Assignment - Would you print out all of the data exactly and keep the pictures out of it?

-----

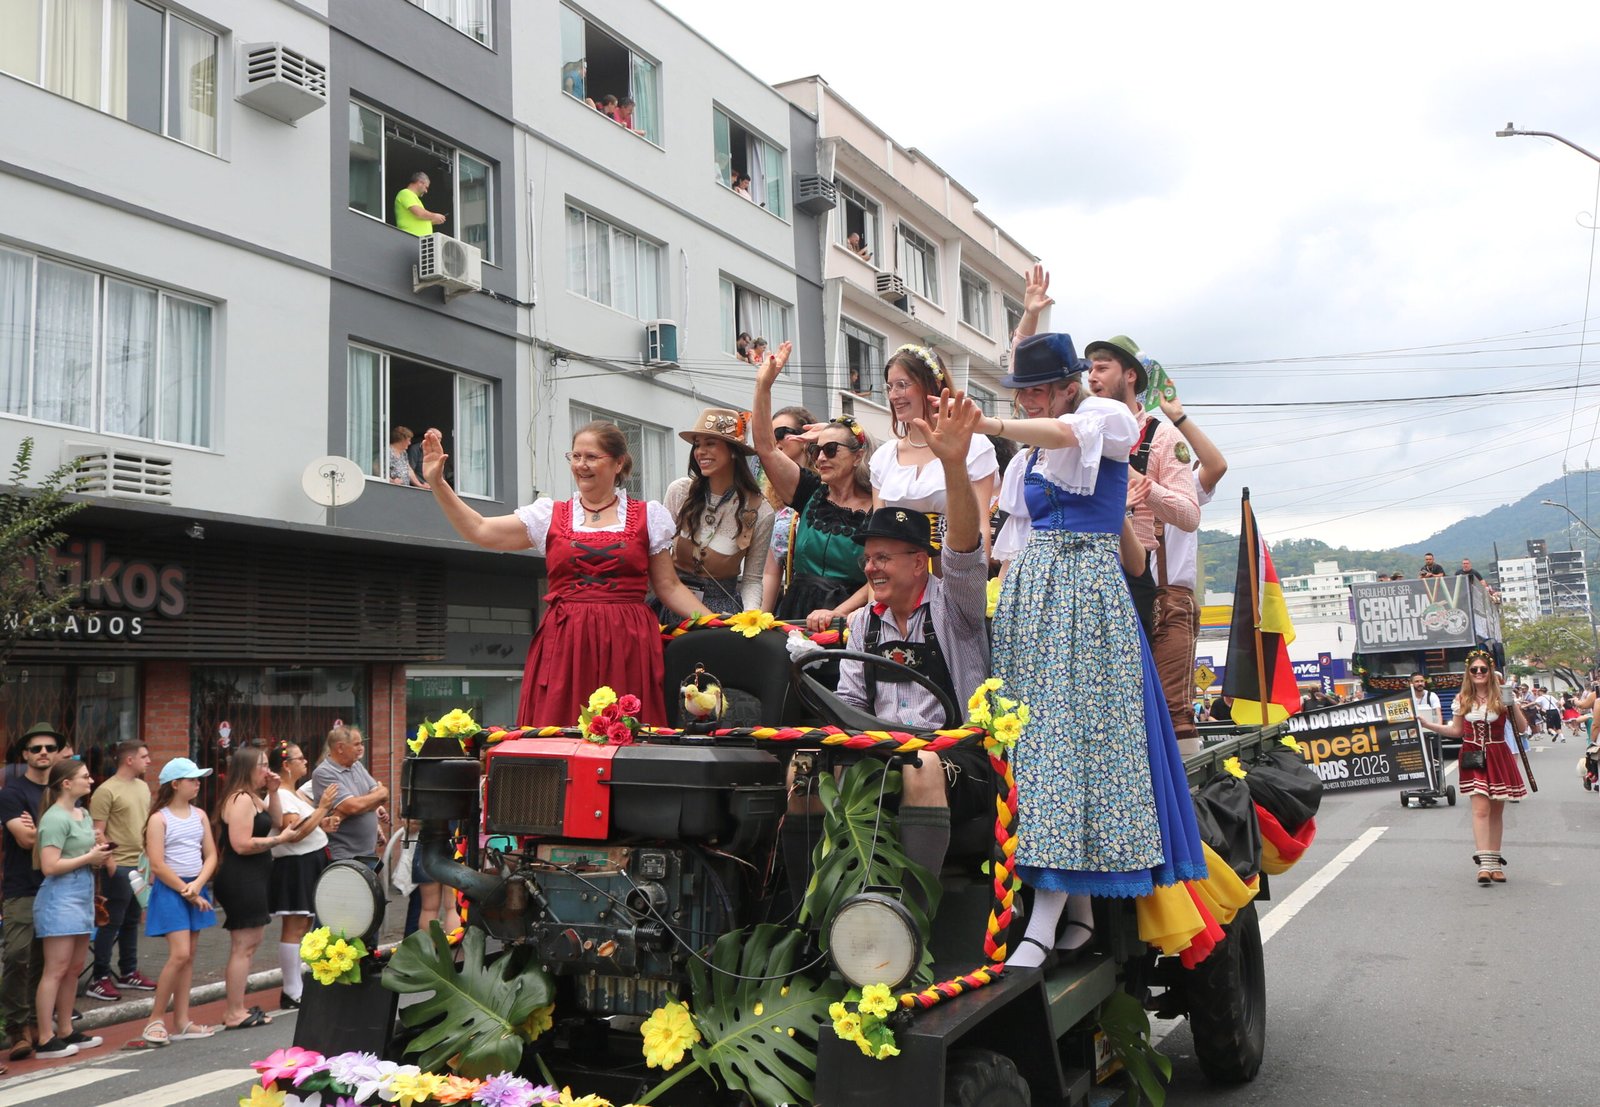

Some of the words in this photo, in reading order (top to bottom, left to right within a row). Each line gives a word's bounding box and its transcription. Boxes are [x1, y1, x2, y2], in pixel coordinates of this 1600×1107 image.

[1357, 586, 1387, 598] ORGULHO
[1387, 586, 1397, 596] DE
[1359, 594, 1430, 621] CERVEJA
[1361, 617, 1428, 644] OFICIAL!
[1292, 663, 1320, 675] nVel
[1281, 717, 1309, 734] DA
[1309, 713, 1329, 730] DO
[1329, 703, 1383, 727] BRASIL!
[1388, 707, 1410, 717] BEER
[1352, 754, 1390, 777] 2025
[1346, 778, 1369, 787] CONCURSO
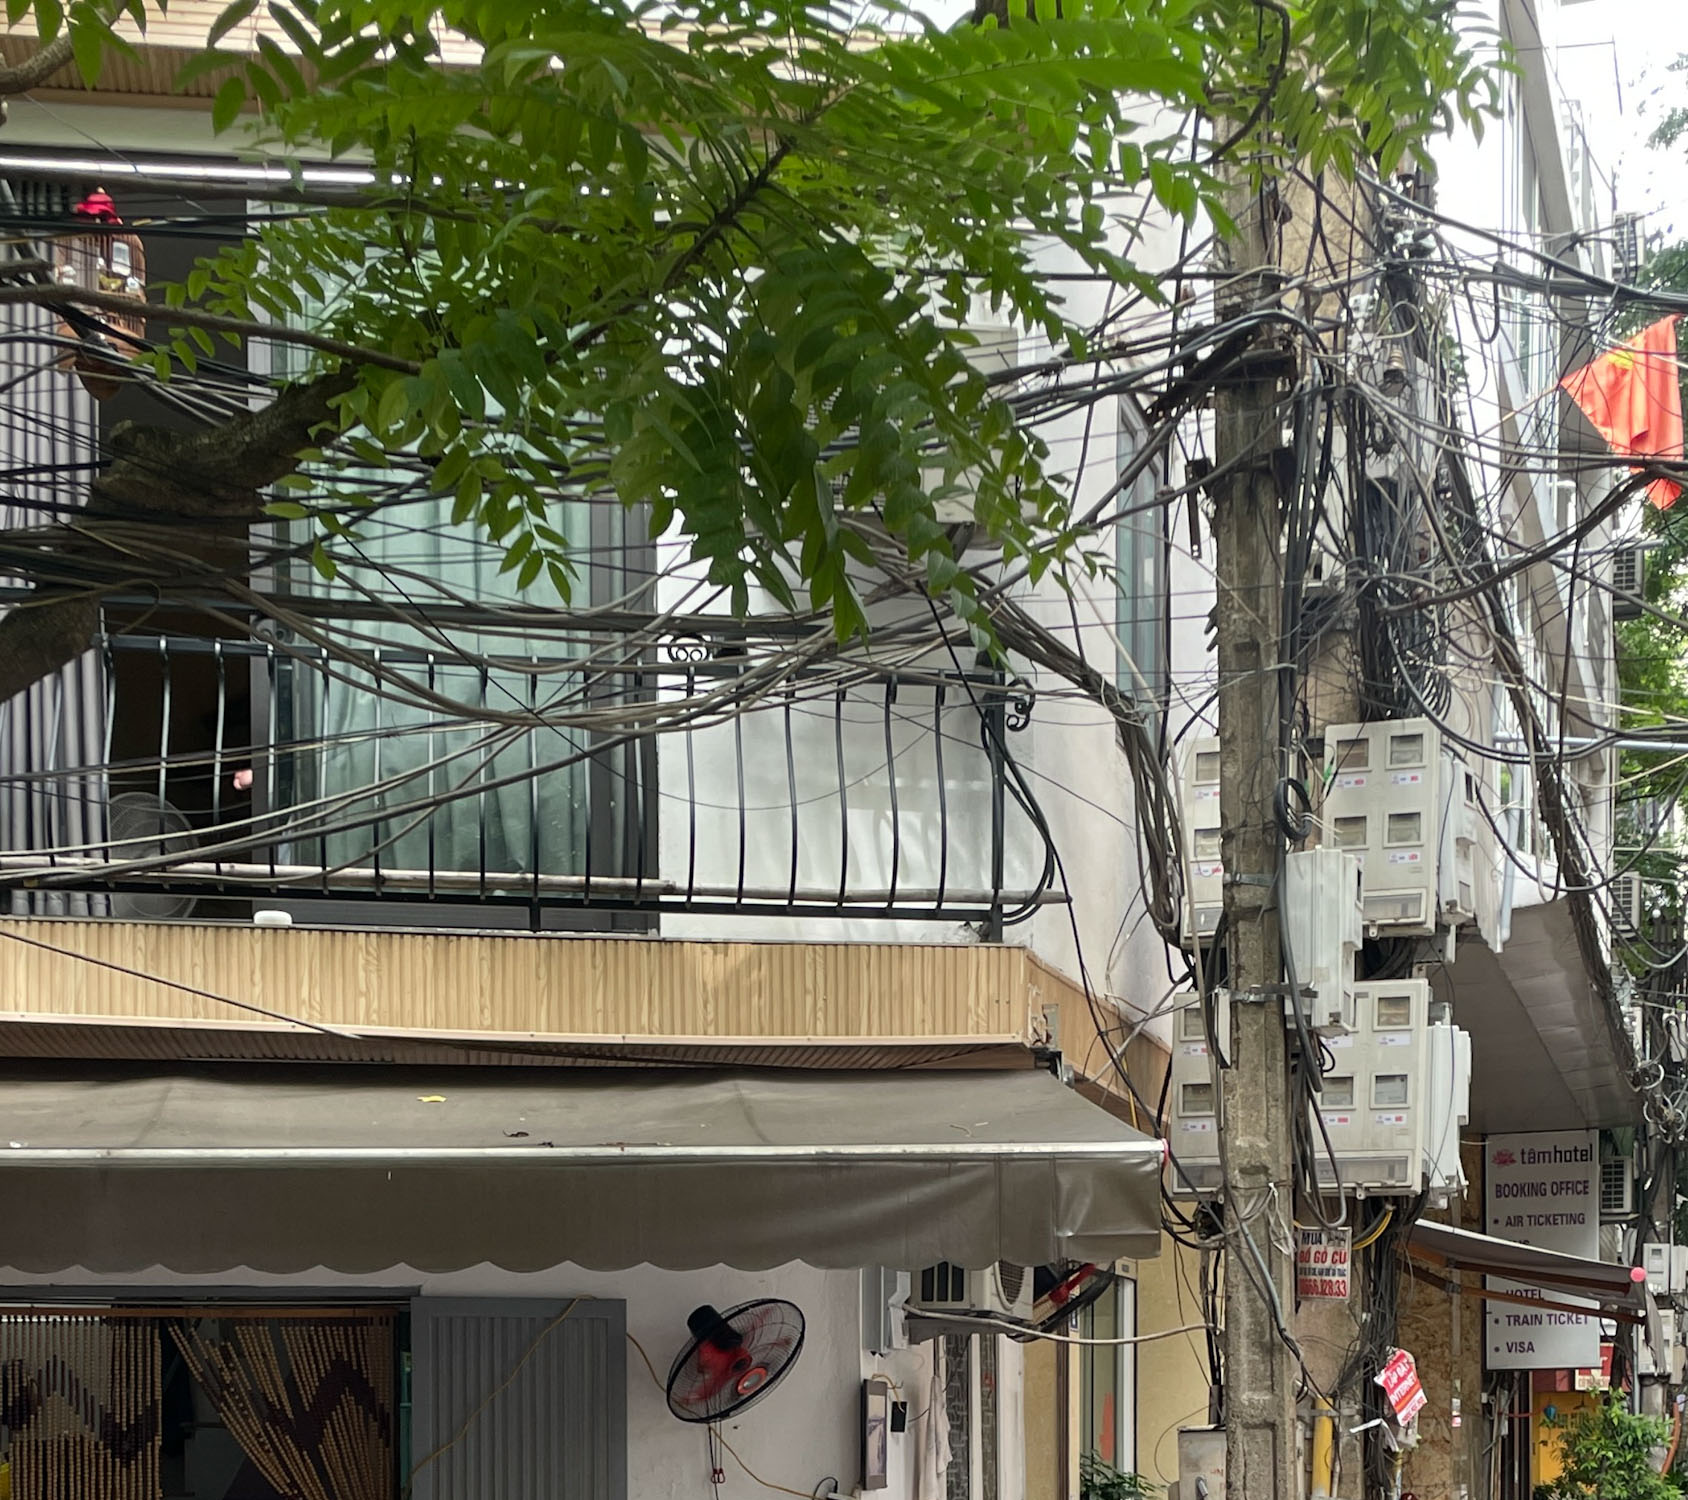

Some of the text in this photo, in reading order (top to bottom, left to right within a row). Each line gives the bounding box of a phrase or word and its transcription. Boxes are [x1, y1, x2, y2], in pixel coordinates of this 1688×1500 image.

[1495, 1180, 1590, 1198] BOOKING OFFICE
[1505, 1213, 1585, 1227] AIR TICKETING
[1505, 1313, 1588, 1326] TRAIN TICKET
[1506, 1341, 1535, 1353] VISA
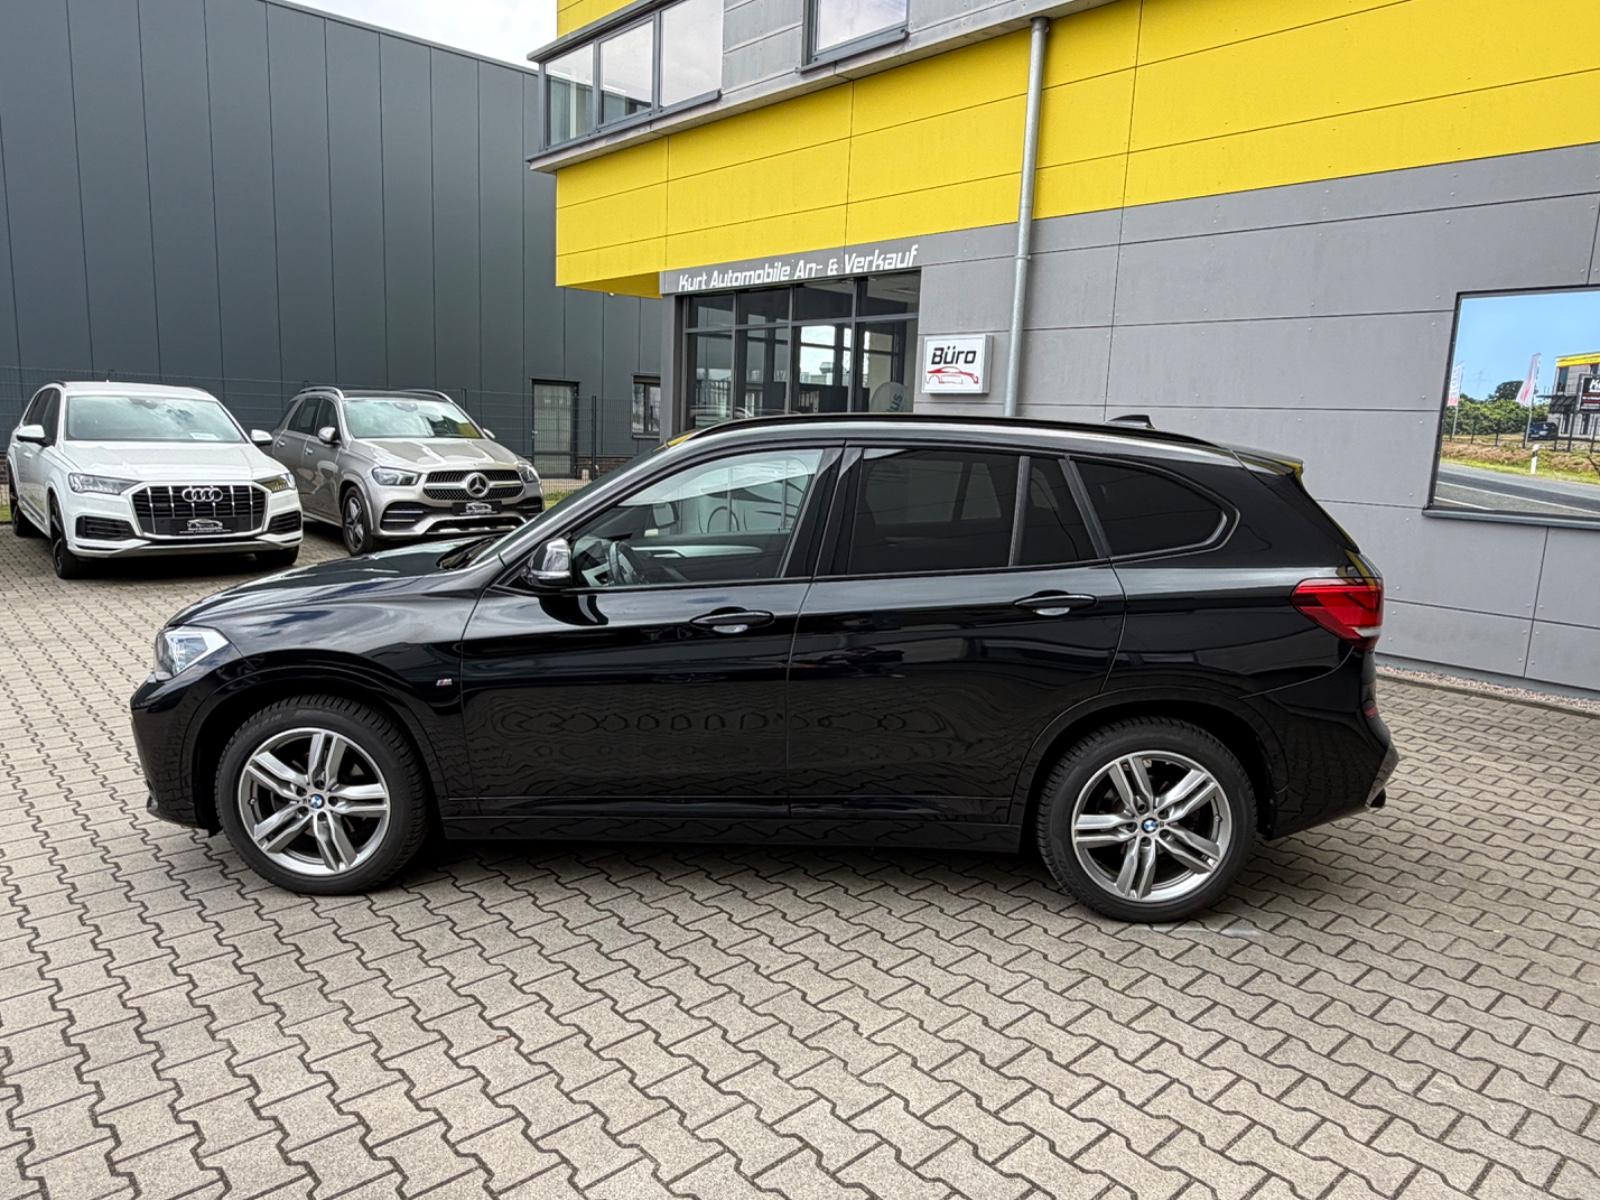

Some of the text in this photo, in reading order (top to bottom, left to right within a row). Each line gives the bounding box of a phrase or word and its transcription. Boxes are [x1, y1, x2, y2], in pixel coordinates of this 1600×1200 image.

-----

Response box -
Some of the words in this photo, in reading order (top to bottom, left to right within a row). Each line gives a word's bounding box and its transcription. Boxes are [x1, y1, x2, y2], in pixel coordinates of this 1600×1107 image.

[1357, 586, 1387, 598] ORGULHO
[1387, 586, 1397, 596] DE
[1359, 594, 1430, 621] CERVEJA
[1361, 617, 1428, 644] OFICIAL!
[1292, 663, 1320, 675] nVel
[1281, 717, 1309, 734] DA
[1309, 713, 1329, 730] DO
[1329, 703, 1383, 727] BRASIL!
[1388, 707, 1410, 717] BEER
[1352, 754, 1390, 777] 2025
[1346, 778, 1369, 787] CONCURSO

Some of the text in this photo, in reading order (top to bottom, left to right within a row). Each line gives the bounding box of a phrase or word and its transcription. Boxes are [x1, y1, x2, y2], in pixel coordinates of this 1688×1500 image.

[1495, 1180, 1590, 1198] BOOKING OFFICE
[1505, 1213, 1585, 1227] AIR TICKETING
[1505, 1313, 1588, 1326] TRAIN TICKET
[1506, 1341, 1535, 1353] VISA

Some of the text in this photo, in reading order (top to bottom, left to right within a row). Each line gives the bounding box of a phrase or word and its transcription. Boxes are [x1, y1, x2, y2], in pixel coordinates of this 1600×1200 image.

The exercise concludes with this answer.